Friday, November 2, 2018 2:30 pm - 2:30 pm EDT (GMT -04:00)

Nate Cardozo, Senior Staff Attorney
Electronic Frontier Foundation

Encryption is legal in the Five Eyes countries, thanks to our victory in what’s come to be known as the Crypto Wars of the 1990s. Computer security research is increasingly viewed as a boon rather than a scourge. But time is a circle and once again, law enforcement and policy makers around the world are calling for all that to change. 

In this presentation, I will discuss in brief the history of the first Crypto Wars, and the state of the law in 2018. With San Bernardino as our background I will outline current proposals to weaken or ban encryption, covering proposed and recently enacted laws in New York, California, Australia, India, China, and the UK. I’ll also touch on the various attempts around the world to both facilitate and hamper the activities of researchers... such as yourselves.

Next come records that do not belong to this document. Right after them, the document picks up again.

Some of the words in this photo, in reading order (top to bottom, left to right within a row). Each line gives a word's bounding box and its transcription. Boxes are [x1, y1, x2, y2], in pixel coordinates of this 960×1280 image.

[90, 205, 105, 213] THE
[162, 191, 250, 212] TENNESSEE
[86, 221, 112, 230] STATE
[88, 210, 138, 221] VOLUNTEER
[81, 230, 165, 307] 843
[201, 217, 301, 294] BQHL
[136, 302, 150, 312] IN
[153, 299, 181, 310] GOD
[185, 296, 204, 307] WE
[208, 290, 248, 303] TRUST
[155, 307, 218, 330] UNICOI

Bio: Nate Cardozo is a Senior Staff Attorney on Electronic Frontier Foundation’s civil liberties team where he focuses on cybersecurity policy and defending coders’ rights. 

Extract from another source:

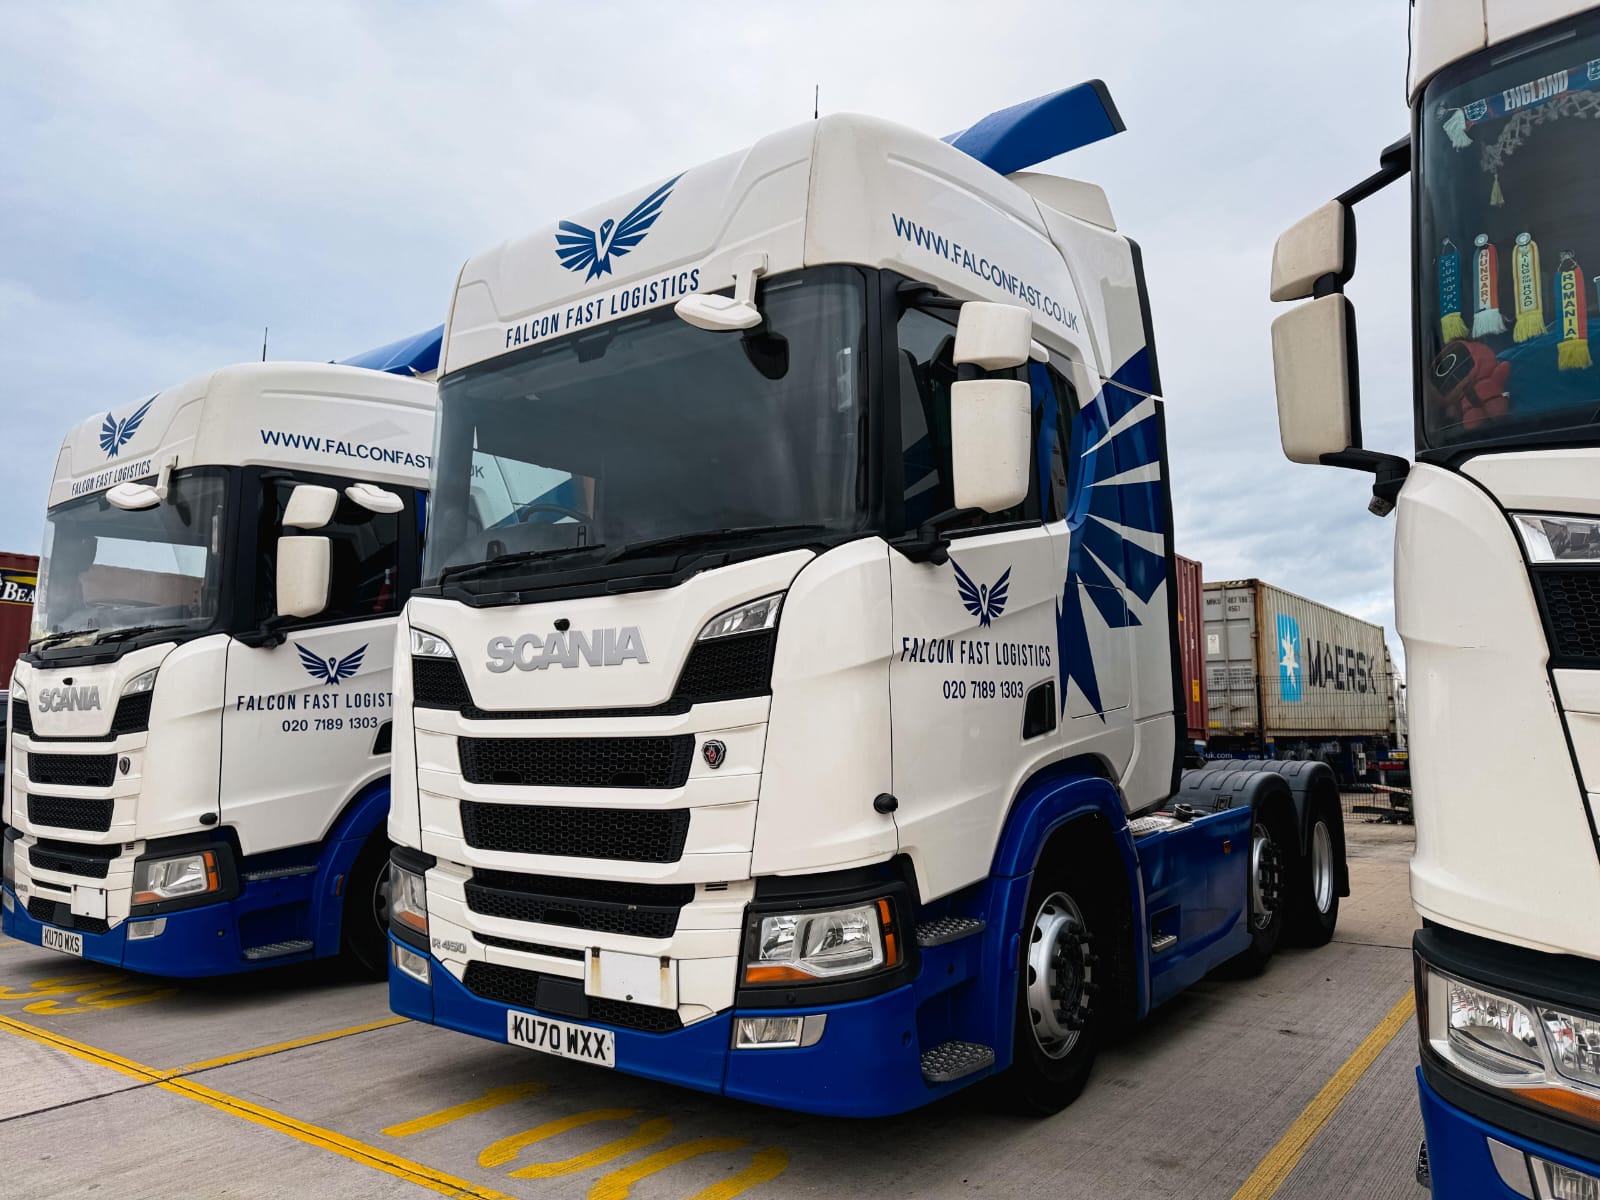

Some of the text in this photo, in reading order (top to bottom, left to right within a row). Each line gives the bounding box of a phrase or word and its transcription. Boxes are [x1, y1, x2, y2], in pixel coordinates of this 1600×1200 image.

Nate has litigated cases involving electronic surveillance, freedom of information, digital anonymity, online free expression, and government hacking. His other projects include defending encryption, fighting software export controls, preserving automotive privacy, and assisting surveillance law reform efforts. As an expert in technology law and civil liberties, Nate works on EFF’s Who Has Your Back report and regularly assists companies in crafting rights-preserving policies and advising on compliance with legal process. 

A 2009–2010 EFF Open Government Legal Fellow, Nate spent two years in private practice before returning to his senses and to EFF in 2012. When he’s not brewing beer with his EFF colleagues, Nate serves on the boards of directors of the First Amendment Coalition and the South Asian Film Preservation Society. Nate has a B.A. in Anthropology and Politics from U.C. Santa Cruz and a J.D. from U.C. Hastings where he has taught first-year legal writing and moot court.